Apart from the pictures, please restate every entry below exactly.

▬▬▬

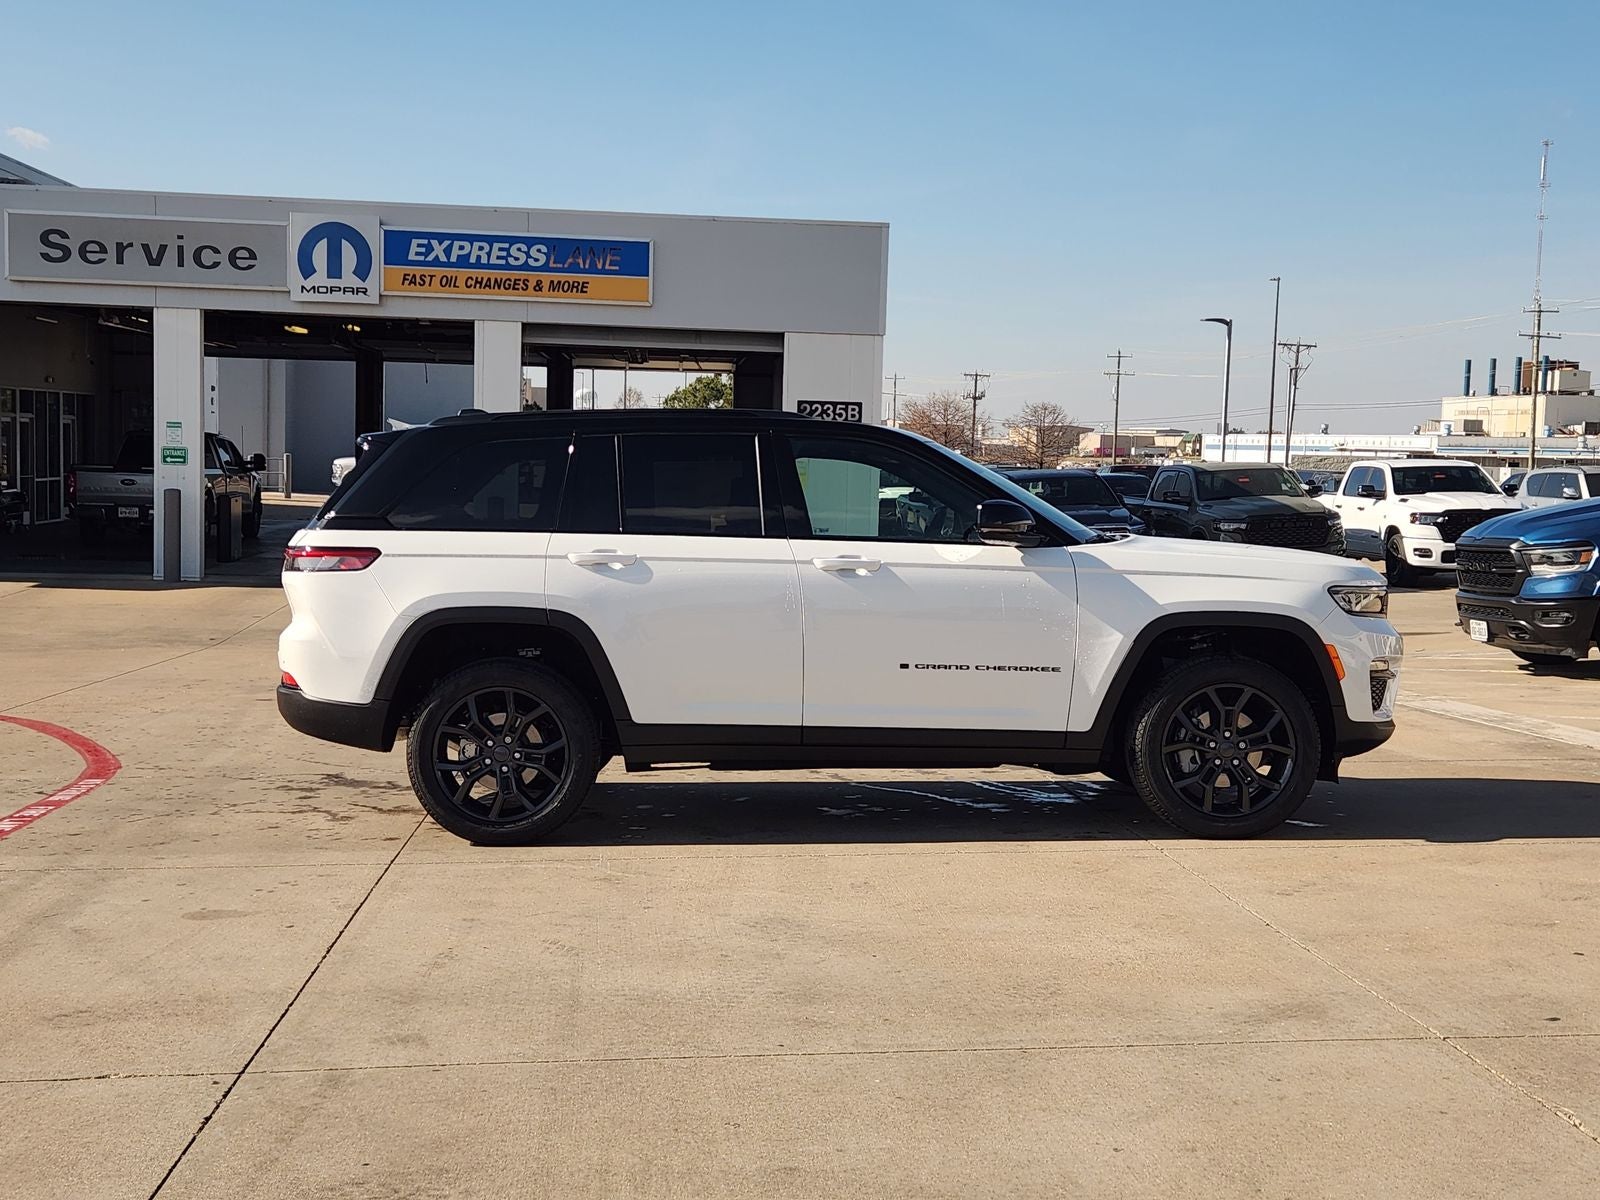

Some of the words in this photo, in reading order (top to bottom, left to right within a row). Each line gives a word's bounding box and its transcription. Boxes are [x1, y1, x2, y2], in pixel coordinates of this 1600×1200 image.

[39, 228, 258, 271] Service
[301, 285, 370, 297] MOPAR
[401, 273, 436, 288] FAST
[439, 275, 460, 289] OIL
[464, 276, 529, 292] CHANGES
[533, 280, 544, 293] &
[548, 280, 590, 294] MORE
[800, 403, 860, 421] 2235B
[163, 449, 186, 457] ENTRANCE
[914, 663, 970, 671] GRAND
[975, 664, 1062, 673] CHEROKEE
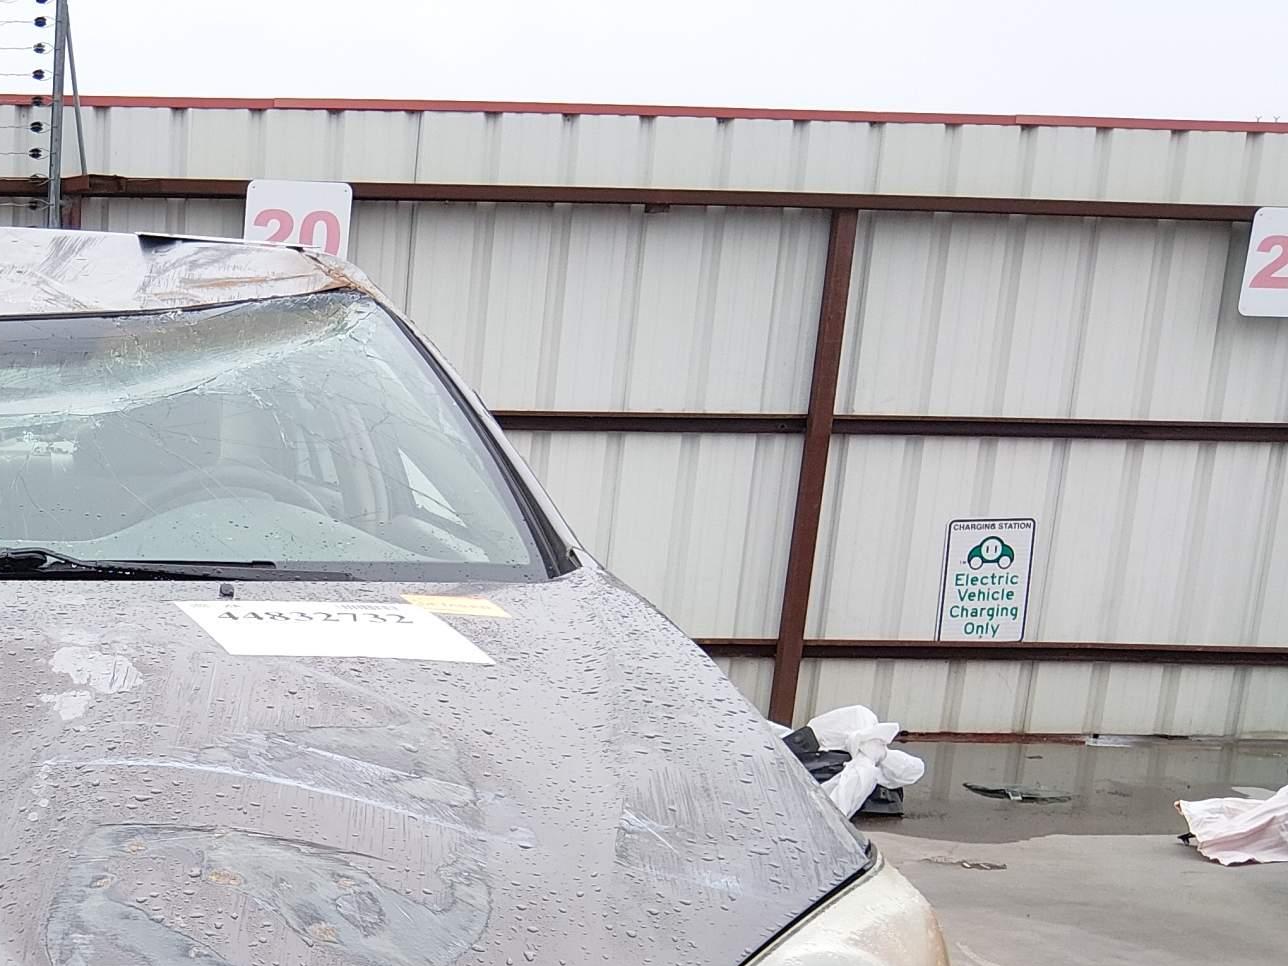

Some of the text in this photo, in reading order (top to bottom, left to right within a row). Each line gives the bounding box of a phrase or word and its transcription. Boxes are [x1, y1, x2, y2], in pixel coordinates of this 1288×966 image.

[253, 208, 341, 256] 20
[953, 522, 1032, 531] CHARGING STATION
[954, 572, 1019, 587] Electric
[957, 587, 1015, 602] Vehicle
[217, 611, 414, 624] 44832732
[949, 604, 1019, 621] Charging
[963, 621, 1000, 639] Only
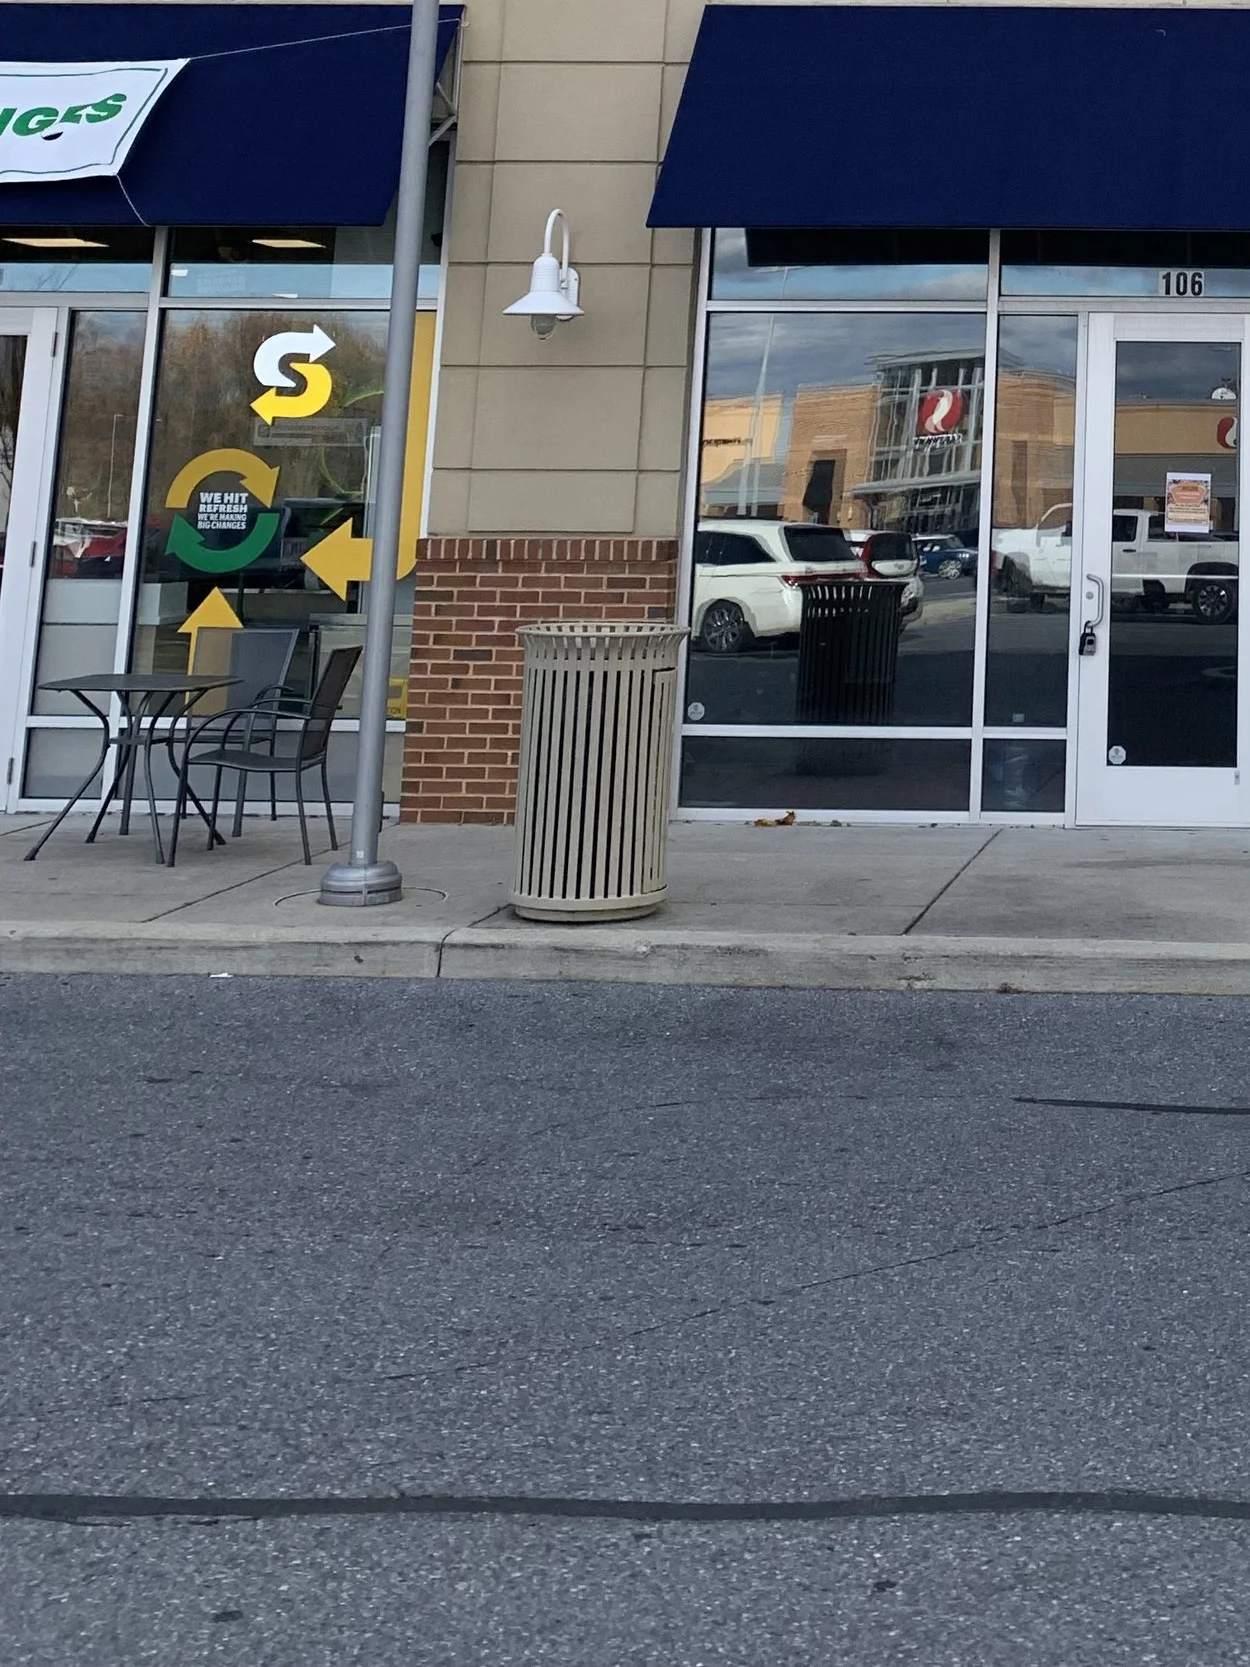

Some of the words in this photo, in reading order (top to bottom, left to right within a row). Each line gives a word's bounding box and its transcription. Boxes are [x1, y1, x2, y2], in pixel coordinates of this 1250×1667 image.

[0, 93, 127, 137] GES
[1162, 272, 1203, 296] 106
[200, 492, 222, 504] WE
[223, 492, 248, 504] HIT
[199, 504, 248, 513] REFRESH
[219, 513, 247, 522] MAKING
[197, 521, 211, 530] BIG
[211, 521, 246, 530] CHANGES

▬▬▬

### Exercise response
Some of the words in this photo, in reading order (top to bottom, left to right within a row). Each line gives a word's bounding box and its transcription. Boxes are [x1, y1, x2, y2], in pixel coordinates of this 1600×1200 image.

[39, 228, 258, 271] Service
[301, 285, 370, 297] MOPAR
[401, 273, 436, 288] FAST
[439, 275, 460, 289] OIL
[464, 276, 529, 292] CHANGES
[533, 280, 544, 293] &
[548, 280, 590, 294] MORE
[800, 403, 860, 421] 2235B
[163, 449, 186, 457] ENTRANCE
[914, 663, 970, 671] GRAND
[975, 664, 1062, 673] CHEROKEE

Some of the text in this photo, in reading order (top to bottom, left to right within a row). Each line gives the bounding box of a phrase or word and its transcription. Boxes are [x1, y1, x2, y2], in pixel coordinates of this 1288×966 image.

[253, 208, 341, 256] 20
[953, 522, 1032, 531] CHARGING STATION
[954, 572, 1019, 587] Electric
[957, 587, 1015, 602] Vehicle
[217, 611, 414, 624] 44832732
[949, 604, 1019, 621] Charging
[963, 621, 1000, 639] Only

Some of the words in this photo, in reading order (top to bottom, left to right within a row). Each line gives a word's bounding box and its transcription. Boxes are [x1, y1, x2, y2], in pixel coordinates of this 1250×1667 image.

[0, 93, 127, 137] GES
[1162, 272, 1203, 296] 106
[200, 492, 222, 504] WE
[223, 492, 248, 504] HIT
[199, 504, 248, 513] REFRESH
[219, 513, 247, 522] MAKING
[197, 521, 211, 530] BIG
[211, 521, 246, 530] CHANGES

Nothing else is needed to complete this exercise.